- WHAT THIS TASK INVOLVES
Without any pictures, the records below should be reproduced exactly.

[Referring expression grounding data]
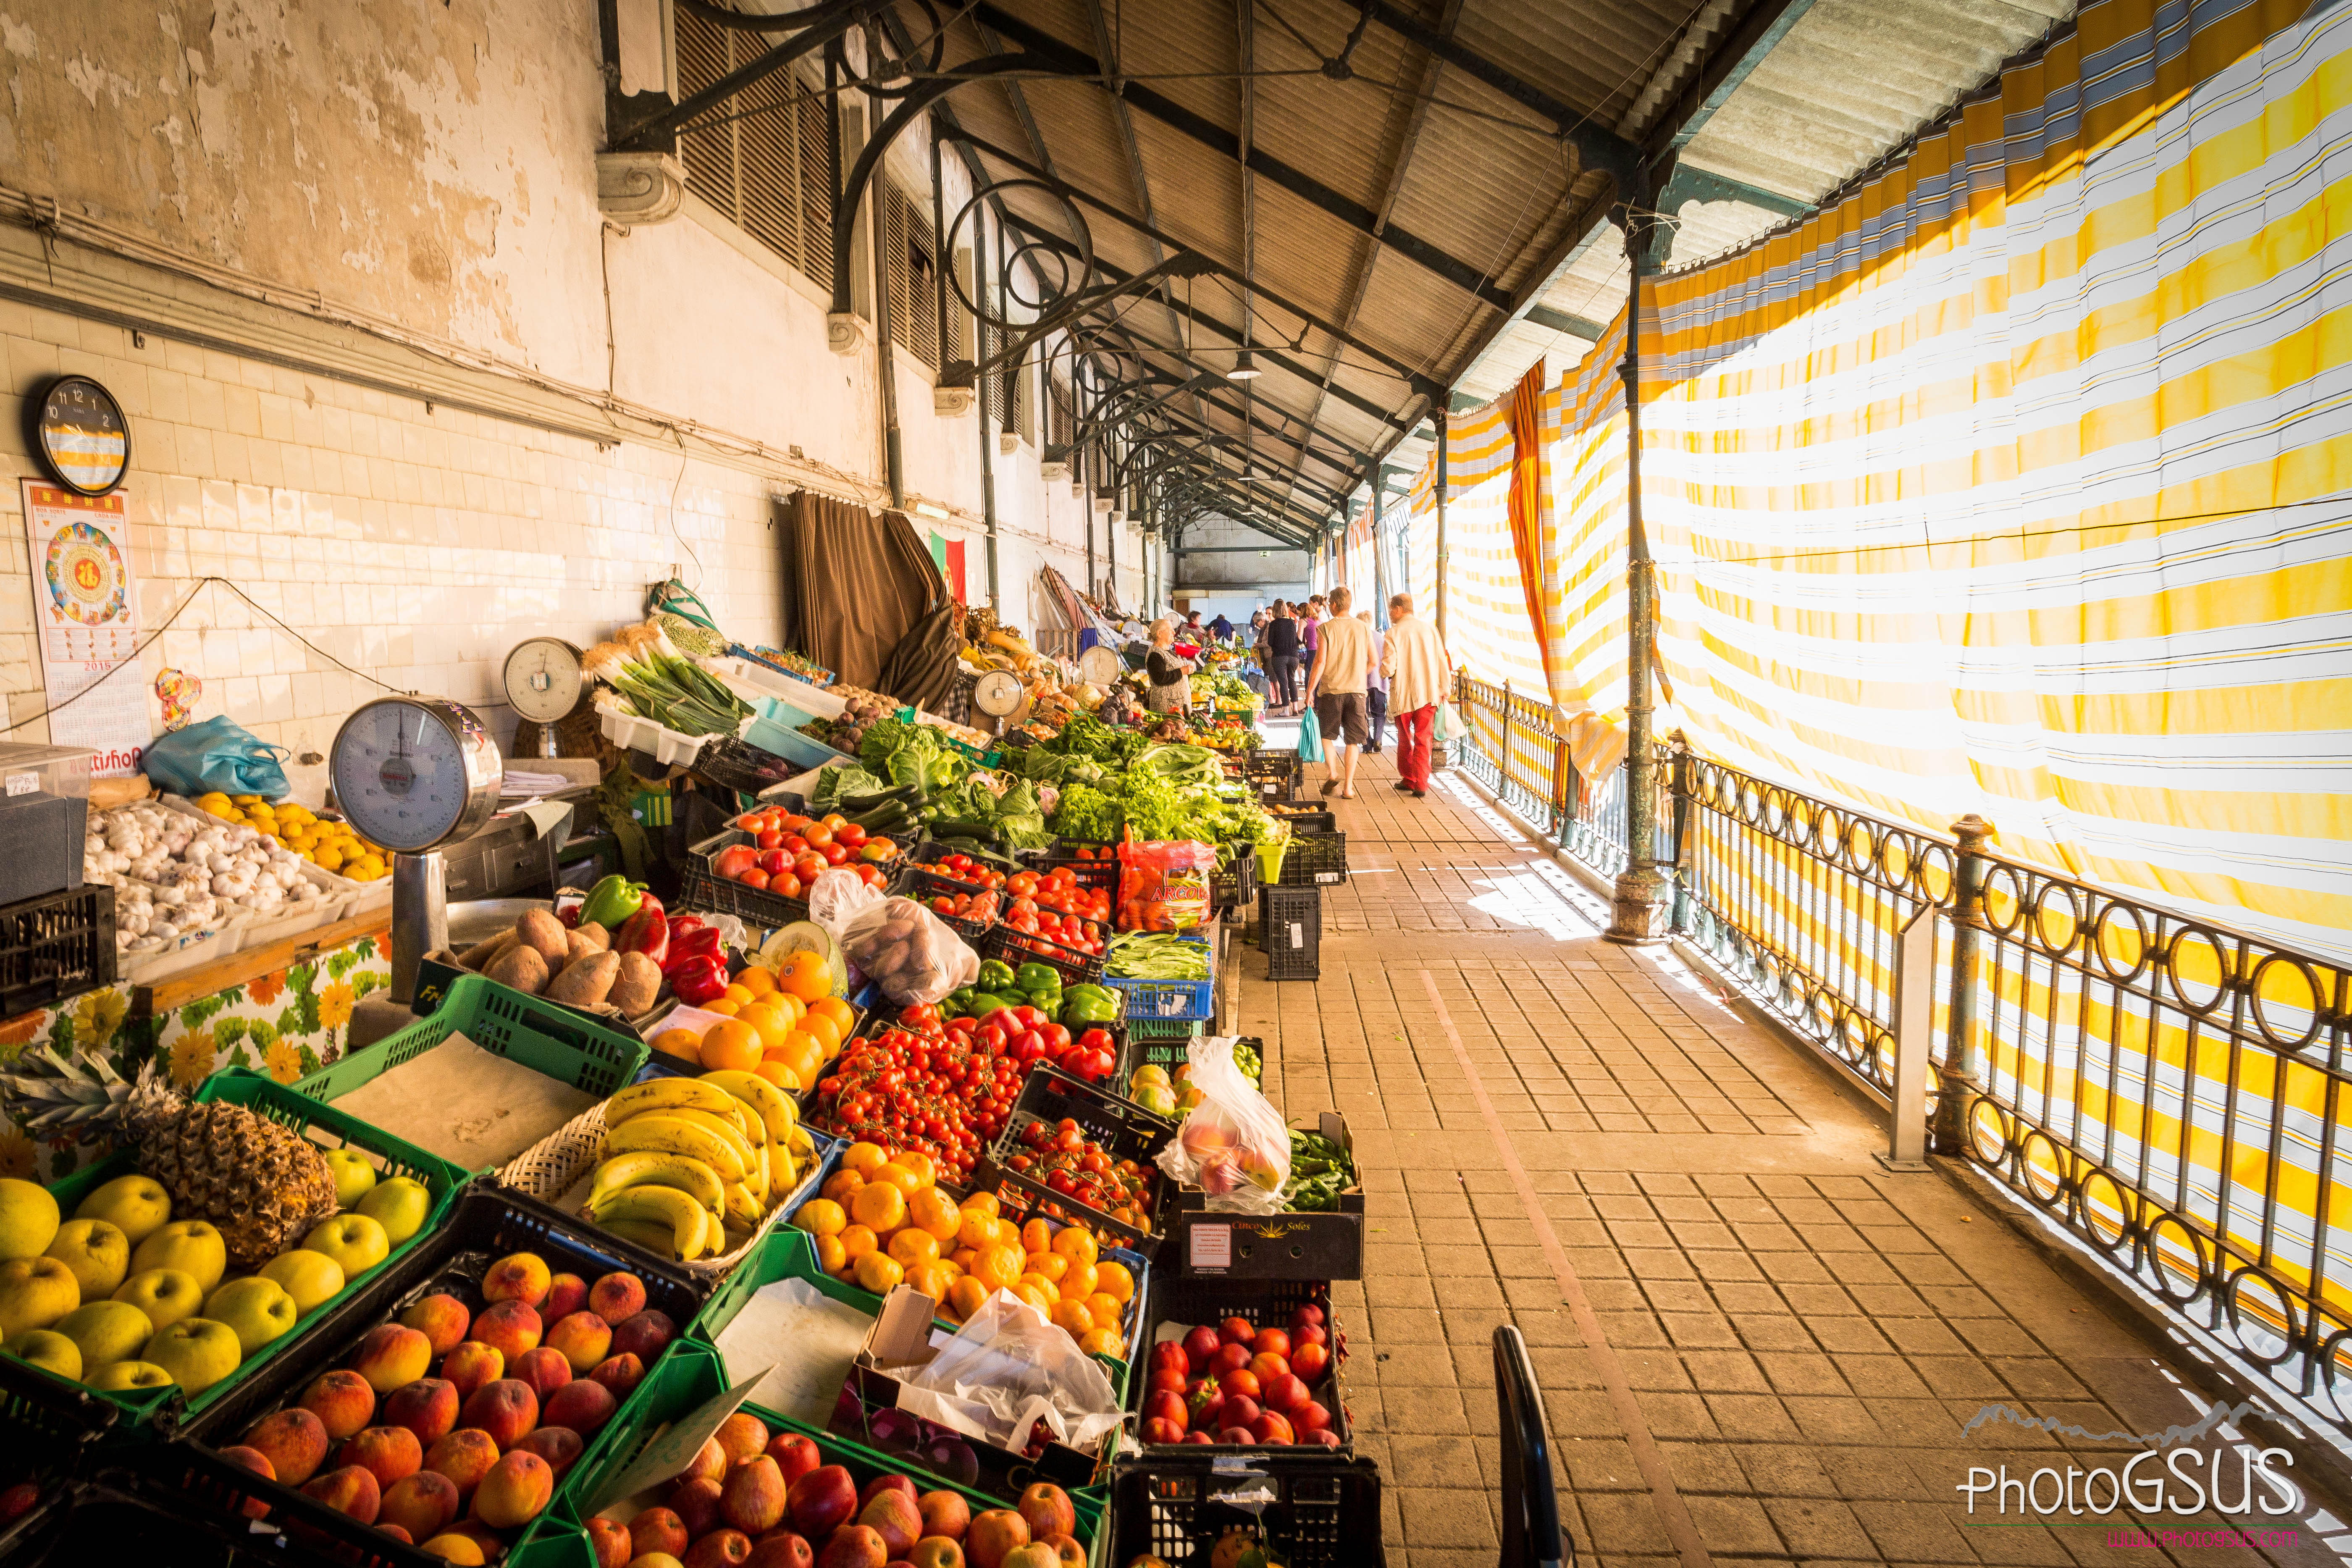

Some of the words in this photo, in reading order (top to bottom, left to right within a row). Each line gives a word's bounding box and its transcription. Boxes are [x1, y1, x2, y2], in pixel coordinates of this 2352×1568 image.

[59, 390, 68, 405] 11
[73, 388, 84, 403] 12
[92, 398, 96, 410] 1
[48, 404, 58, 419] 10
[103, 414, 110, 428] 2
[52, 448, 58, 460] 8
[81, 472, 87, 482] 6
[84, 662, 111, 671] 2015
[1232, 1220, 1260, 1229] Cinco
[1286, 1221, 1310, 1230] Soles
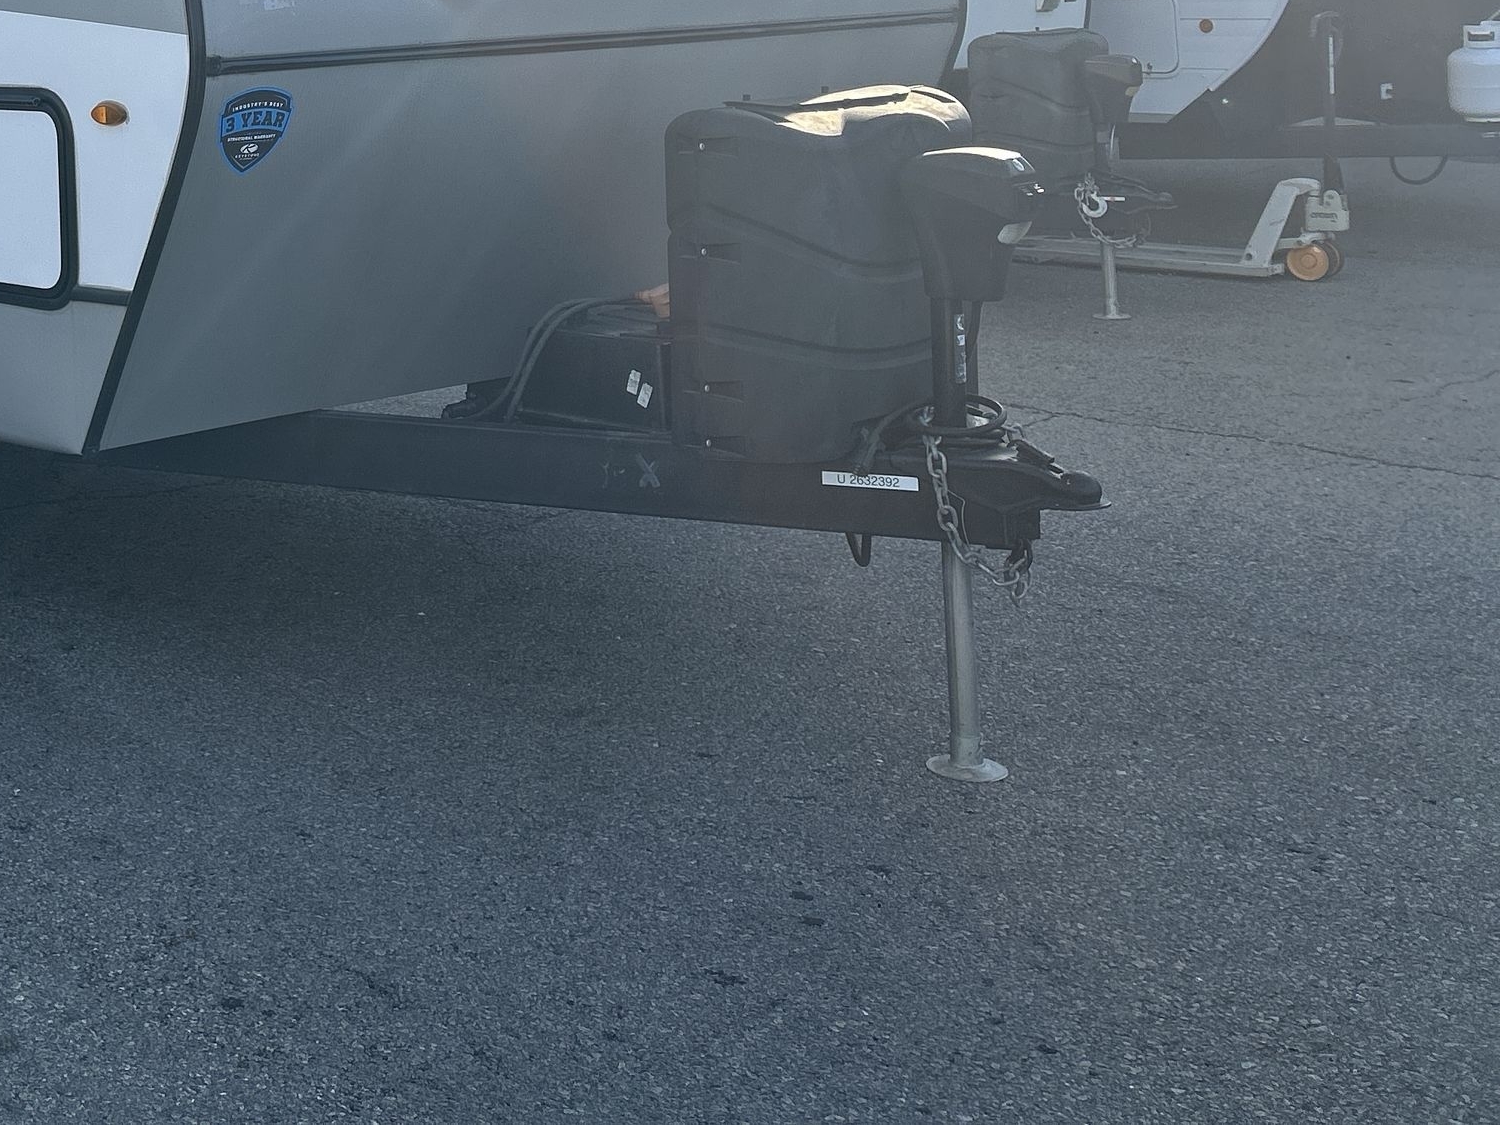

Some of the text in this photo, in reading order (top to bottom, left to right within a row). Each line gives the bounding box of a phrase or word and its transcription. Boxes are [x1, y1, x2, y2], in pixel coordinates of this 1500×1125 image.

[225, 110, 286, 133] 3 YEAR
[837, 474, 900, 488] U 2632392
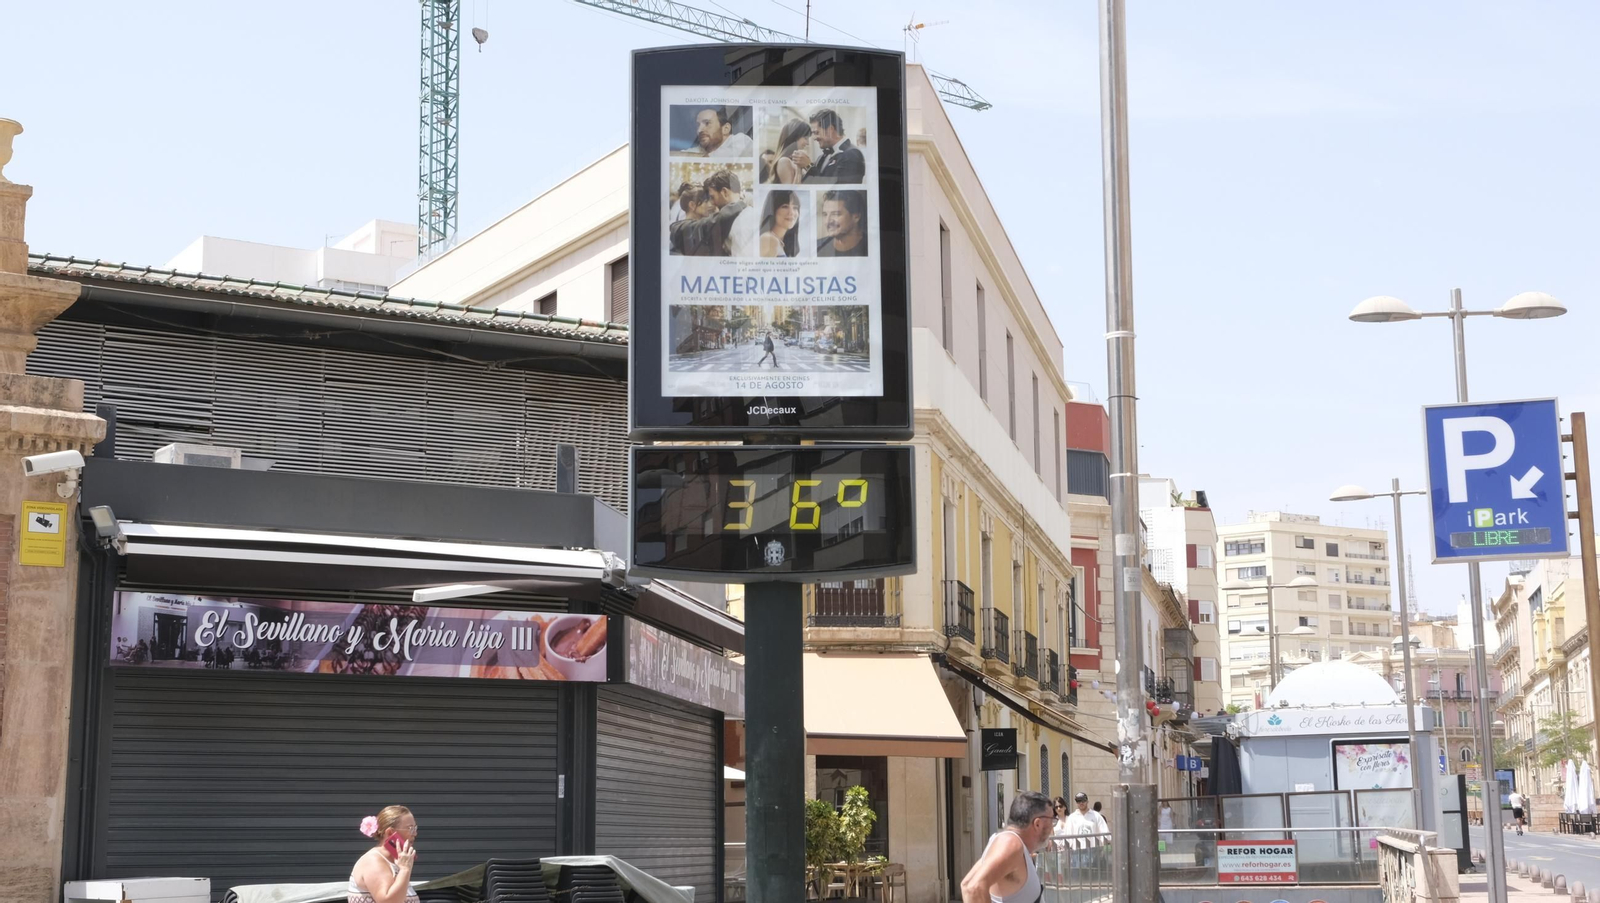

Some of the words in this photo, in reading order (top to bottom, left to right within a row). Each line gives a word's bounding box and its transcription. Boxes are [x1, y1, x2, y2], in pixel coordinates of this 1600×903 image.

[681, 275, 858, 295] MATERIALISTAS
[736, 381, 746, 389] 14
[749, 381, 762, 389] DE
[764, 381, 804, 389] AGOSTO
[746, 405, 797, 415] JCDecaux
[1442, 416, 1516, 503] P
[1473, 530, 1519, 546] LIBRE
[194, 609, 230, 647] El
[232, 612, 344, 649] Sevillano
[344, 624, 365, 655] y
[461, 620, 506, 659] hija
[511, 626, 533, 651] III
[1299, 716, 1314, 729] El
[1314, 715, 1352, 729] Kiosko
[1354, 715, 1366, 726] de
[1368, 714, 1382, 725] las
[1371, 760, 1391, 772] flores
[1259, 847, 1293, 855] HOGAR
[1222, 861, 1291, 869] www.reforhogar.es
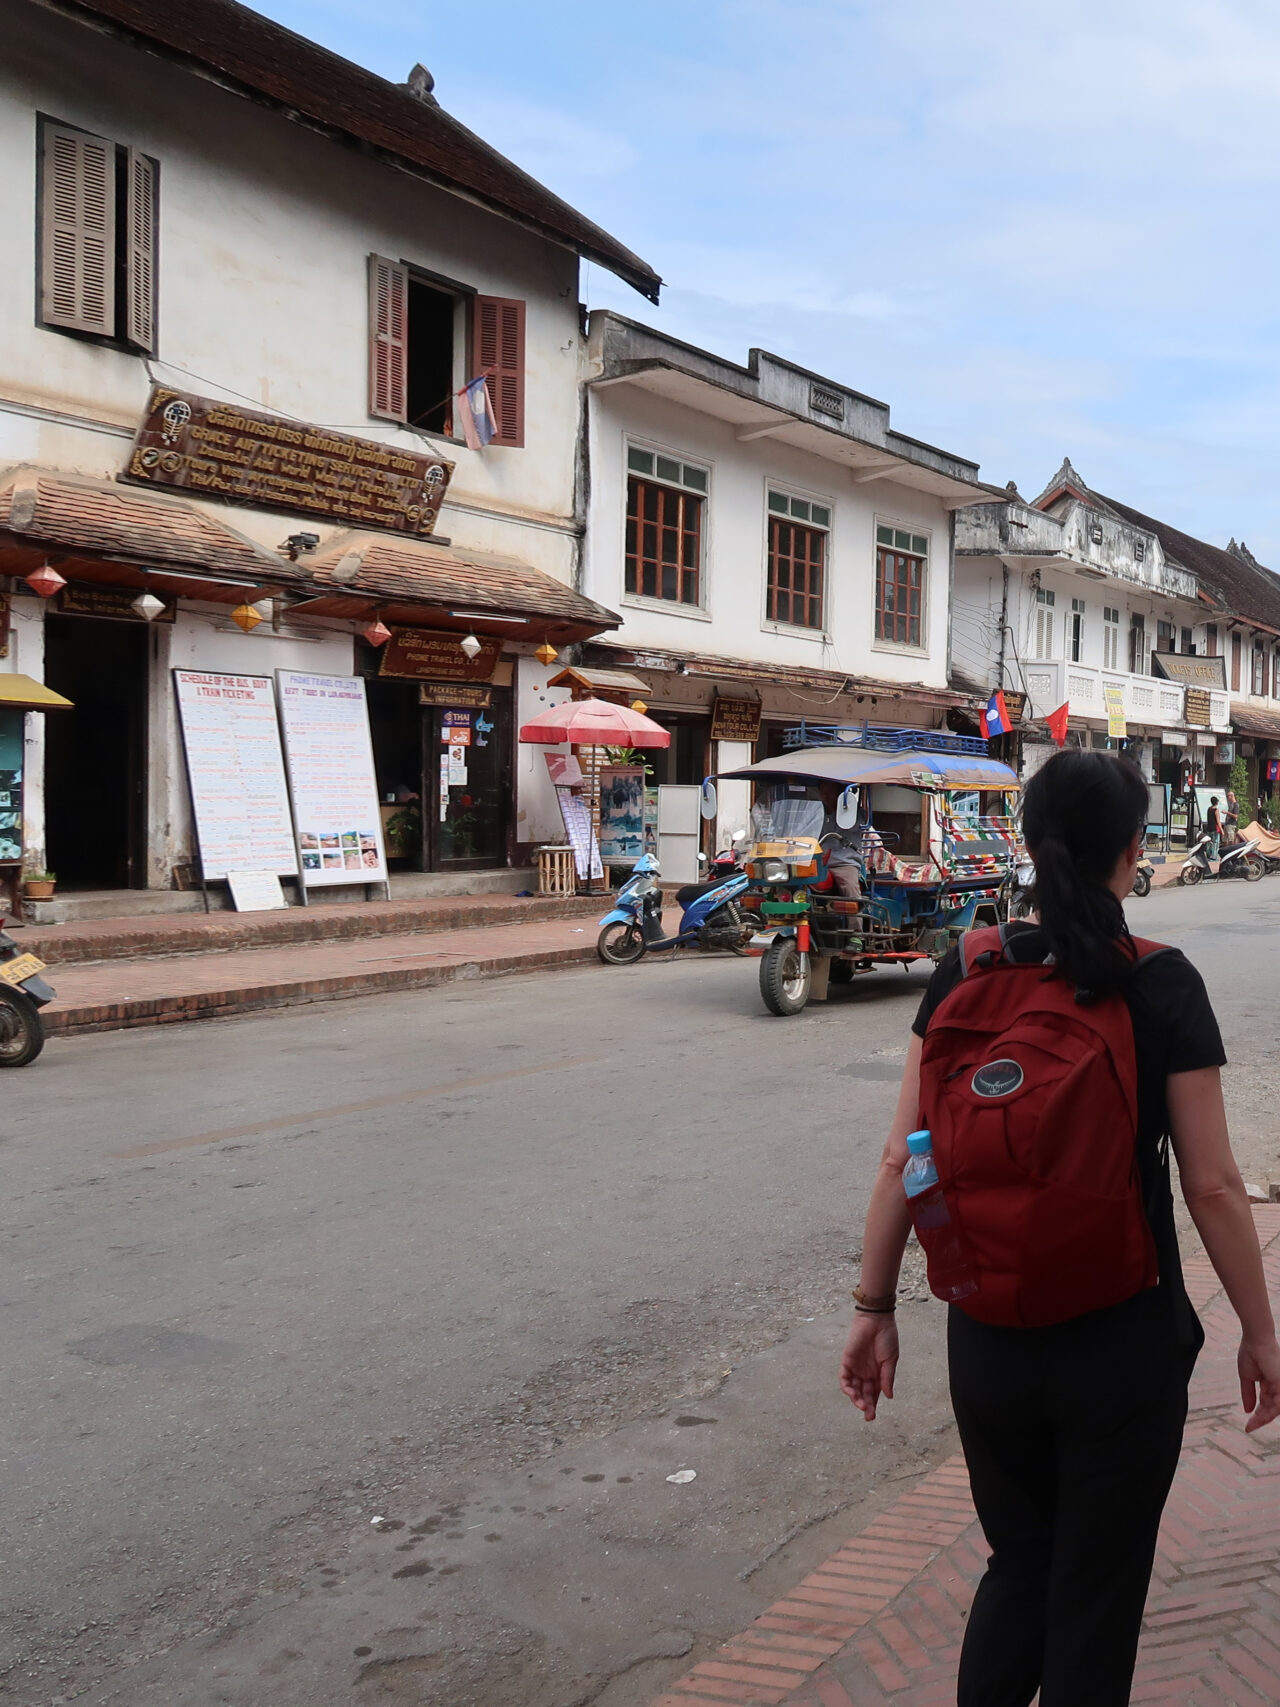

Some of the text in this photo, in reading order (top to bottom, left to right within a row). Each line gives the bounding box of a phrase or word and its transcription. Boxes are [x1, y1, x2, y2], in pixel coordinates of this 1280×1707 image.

- EXPECTED ANSWER
Some of the words in this photo, in reading order (top to bottom, left to right within a row). Each line gives a word's bounding box and its transcription. Boxes are [x1, y1, x2, y2], in pixel coordinates of this 2352×1568 image.

[59, 390, 68, 405] 11
[73, 388, 84, 403] 12
[92, 398, 96, 410] 1
[48, 404, 58, 419] 10
[103, 414, 110, 428] 2
[52, 448, 58, 460] 8
[81, 472, 87, 482] 6
[84, 662, 111, 671] 2015
[1232, 1220, 1260, 1229] Cinco
[1286, 1221, 1310, 1230] Soles

Some of the text in this photo, in reading order (top to bottom, left to right within a row). Each line gives the bounding box of a phrase or word and its transcription. Boxes are [x1, y1, x2, y2], in pixel coordinates of this 1500×1125 image.

[225, 110, 286, 133] 3 YEAR
[837, 474, 900, 488] U 2632392

Some of the words in this photo, in reading order (top to bottom, left to right within a row). Each line gives a word's bounding box and its transcription. Boxes are [x1, y1, x2, y2], in pixel coordinates of this 1600×903 image.

[681, 275, 858, 295] MATERIALISTAS
[736, 381, 746, 389] 14
[749, 381, 762, 389] DE
[764, 381, 804, 389] AGOSTO
[746, 405, 797, 415] JCDecaux
[1442, 416, 1516, 503] P
[1473, 530, 1519, 546] LIBRE
[194, 609, 230, 647] El
[232, 612, 344, 649] Sevillano
[344, 624, 365, 655] y
[461, 620, 506, 659] hija
[511, 626, 533, 651] III
[1299, 716, 1314, 729] El
[1314, 715, 1352, 729] Kiosko
[1354, 715, 1366, 726] de
[1368, 714, 1382, 725] las
[1371, 760, 1391, 772] flores
[1259, 847, 1293, 855] HOGAR
[1222, 861, 1291, 869] www.reforhogar.es

Some of the text in this photo, in reading order (top to bottom, left to right within a row). Each line gives the bounding box of a phrase or word and its transcription. Boxes are [x1, y1, x2, y2], in pixel coordinates of this 1280×1707 image.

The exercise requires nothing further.